Il est plaisant de relever ce que Jean-Pascal Dubost désigne par ses bizarrries (c’est bien ainsi que l’on prononce "bizarreries"), vraies étincelles de mots qui font de Vers à vif un recueil à lire à voix haute. Et d’autant plus aisément que la ponctuation incite à dire ces proses. Les mots se heurtent, s’embrassent, se lient et se délient : associations attendues (donc inattendues…) d’homonymes (voix/voies), échos (enfin fin ; et tellement mens), rimes intérieures multipliées (source/douce/doucement), tranquilles parodies d’expressions communes (j’y fuis, j’y reste ; je fais la référence), de Je me souviens de Pérec (voir l’anthologie de Poezibao du 5 janvier) ou des références culturelles de l’école : heureux qui comme lui n’aura pas fait un bon roi évoque immédiatement Heureux qui, comme Ulysse, a fait un beau voyage (Du Bellay, Regrets XXXI). On en oubliera, de ces jeux, du détournement d’expressions (j’humerai l’air du temps, le fil rasoir des ans) aux contrepèteries (je tourne comme un non en cage et un con en nage), aux néologismes de comptine ( dis-moi petite pomme, quand te dépetitepommeras-tu) ou non (goulougoulouter), en passant par l’emploi de termes techniques de rhétorique (anadiplose, épitrochastique) ou de botanique (l’oseille cespitueuse), et par la restitution d’une syntaxe de l’oral (Les poules, il répond qu’elles ont des pierres dans le ventre). La liste restera très incomplète, mais ne négligeons pourtant pas les mots de la riche langue du Moyen Âge, dont quelques traces demeurent encore dans les dialectes – mots de moins en moins entendus dans ce qui subsiste de "campagne" : gone, « cotte longue », grouler, « trembler de froid », piot, « vin », etc. Reste encore la teurgoule normande, entremets de riz au lait parfumé à la cannelle et à la vanille…
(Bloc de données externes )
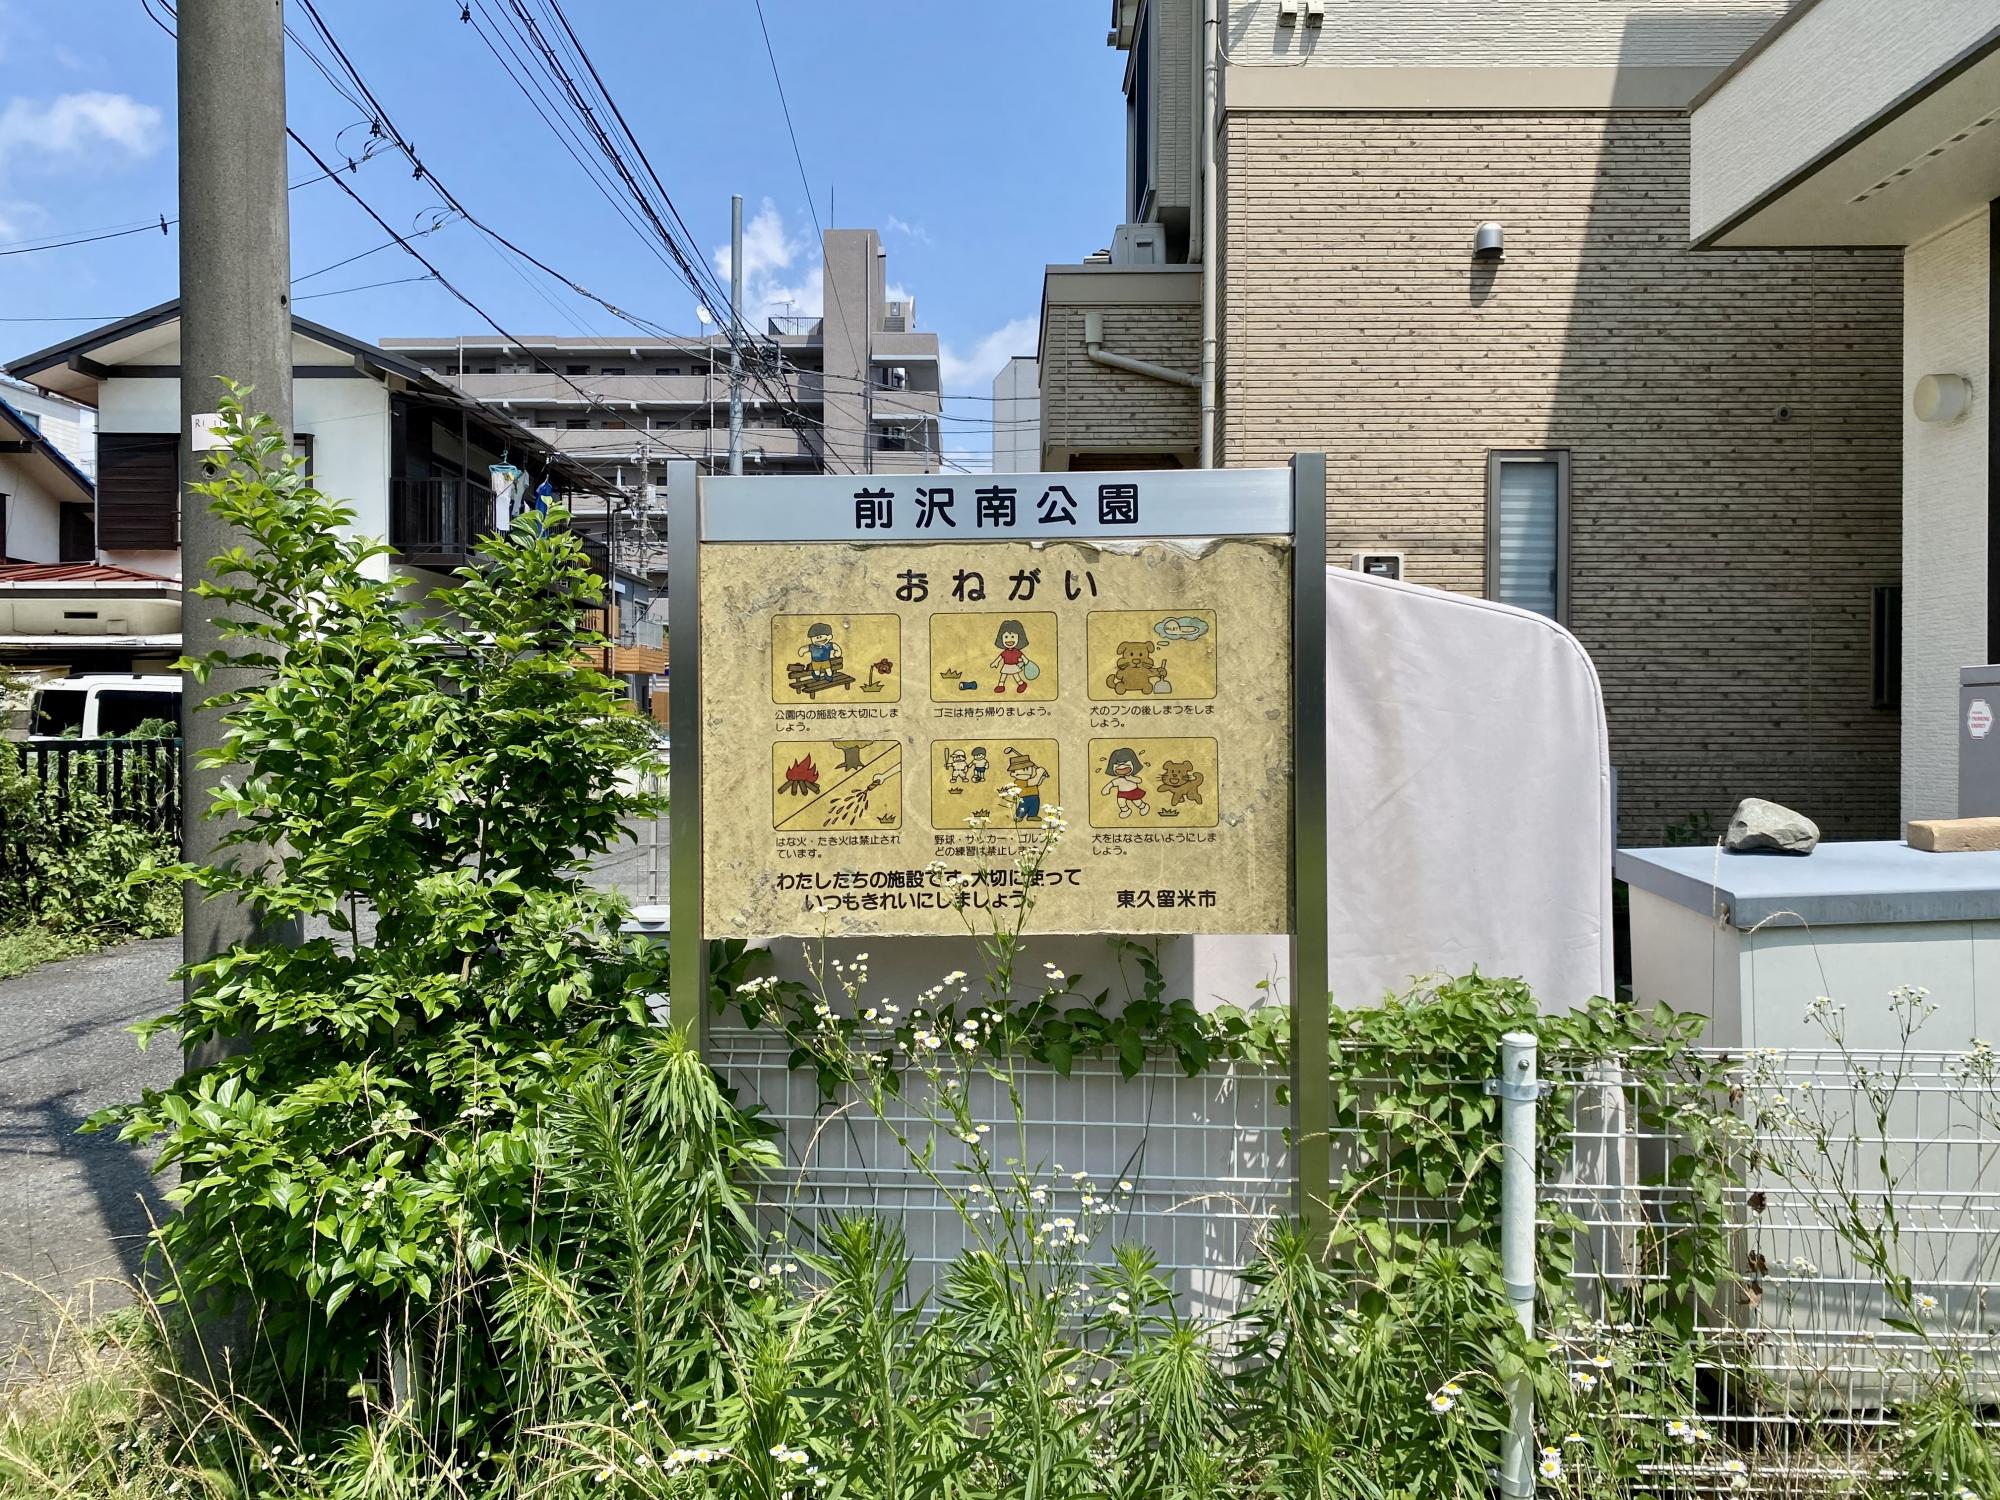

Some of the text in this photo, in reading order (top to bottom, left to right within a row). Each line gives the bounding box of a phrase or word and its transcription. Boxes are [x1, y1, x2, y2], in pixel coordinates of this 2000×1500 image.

Saluons cette maîtrise de la langue, jubilatoire, à mêler les registres, à exploiter les nombreuses (quoi qu’on en pense !) ressources syntaxiques du français, à faire coexister des vocabulaires de temps différents, à inventer quand besoin est un terme nécessaire : le livre s’inscrit dans la tradition des Grands Rhétoriqueurs. De plus, « ce bordel de mots », pour dire comme Jean-Pascal Dubost, invite le lecteur à construire en partie le texte : il doit régulièrement le laisser de côté pour consulter un (des) dictionnaire(s), et ce faisant il est bien obligé de s’interroger sur son propre usage de la langue.

Il faut en même temps lire autrement le recueil. Vers à vif, comme on dit de quelqu’un qu’il est écorché vif, s’ouvre sur deux vers, tirés du premier dizain des Vers de la mort d’Hélinand de Froimont, moine cistercien du XIIe siècle :

Or queurt chascuns a son damage
Qui n’i puet avenir s’i rue
1

Cette entrée est vite suivie des deux premiers vers d’un sonnet de Chassignet : Nous n’entrons point d’un pas plus avant dans la vie / Que nous n’entrions d’un pas plus avant en la mort2 et d’un vers d’Armand Robin : Je sais qu’il est un lieu loin de mon existence3. Ces citations ne sont pas une clé de lecture, mais pour le moins invitent à lire le recueil indépendamment des jeux dans la langue. Des images du travail à la ferme traversent l’ensemble, à commencer par celle de la mort du coq (qui suit les vers de Chassignet), « et l’enfant regarde pisser le sang du coq, l’œil grand ouvert à la mort, défiant, il le fixe ; et il hait l’enfance – ». On rencontrera les bidons de lait au petit matin, un commis ivre, un fermier dans ses sabots, le sang du cochon…Ce sont des moments d’une enfance qui s’éloigne, reconstruite, avec le souvenir des règles imposées (tiens-toi droit, et tais-toi ; etc.). Il y a d’autres images de la mort que celle du coq, images de destruction, d’hommes qui s’entretuent, de voiture piégée… « C’est la mort qui travaille constante », et sont rappelées des dates de tragédies, septembre 2001 (les tours de New York), mars 2004 (les attentats de Madrid), auxquelles Jean-Pascal Dubost ajoute mai 1963, le mois et l’année de sa naissance…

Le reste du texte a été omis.